WHAT NEEDS TO BE DONE: Set the pictures aside and return each record below precisely as written.
[DATA IN THIS EXERCISE Boundary: Start]
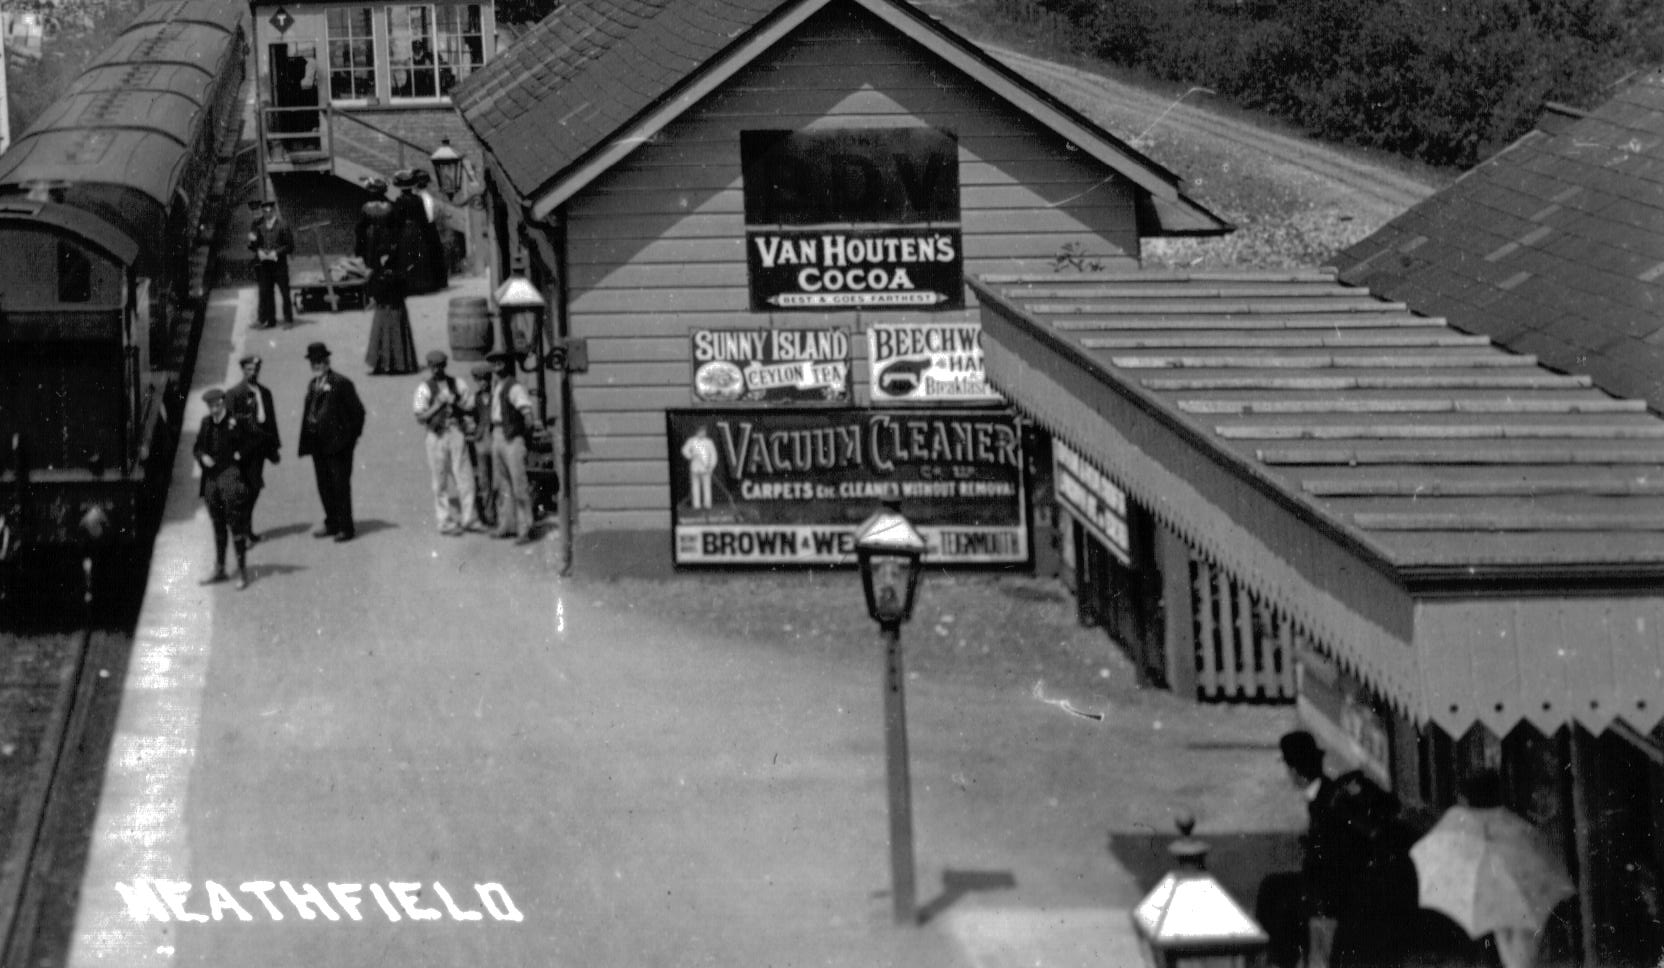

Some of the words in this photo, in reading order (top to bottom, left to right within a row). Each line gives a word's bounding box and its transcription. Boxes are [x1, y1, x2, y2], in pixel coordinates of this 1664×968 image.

[754, 236, 817, 268] VAN
[821, 234, 955, 267] HOUTEN'S
[797, 267, 915, 292] COCOA
[782, 295, 812, 305] BEST
[818, 295, 826, 304] &
[833, 294, 865, 304] GOES
[870, 293, 931, 303] FARTHEST
[695, 330, 768, 361] SUNNY
[771, 329, 848, 361] ISLAND
[748, 366, 804, 386] CEYLON
[814, 365, 843, 384] TEA
[716, 420, 862, 479] VACUUM
[741, 479, 814, 500] CARPETS
[702, 531, 797, 556] BROWN
[DATA IN THIS EXERCISE Boundary: End]
TASK RESPONSE:
Some of the words in this photo, in reading order (top to bottom, left to right within a row). Each line gives a word's bounding box and its transcription. Boxes are [x1, y1, x2, y2], in pixel coordinates of this 1664×968 image.

[754, 236, 817, 268] VAN
[821, 234, 955, 267] HOUTEN'S
[797, 267, 915, 292] COCOA
[782, 295, 812, 305] BEST
[818, 295, 826, 304] &
[833, 294, 865, 304] GOES
[870, 293, 931, 303] FARTHEST
[695, 330, 768, 361] SUNNY
[771, 329, 848, 361] ISLAND
[748, 366, 804, 386] CEYLON
[814, 365, 843, 384] TEA
[716, 420, 862, 479] VACUUM
[741, 479, 814, 500] CARPETS
[702, 531, 797, 556] BROWN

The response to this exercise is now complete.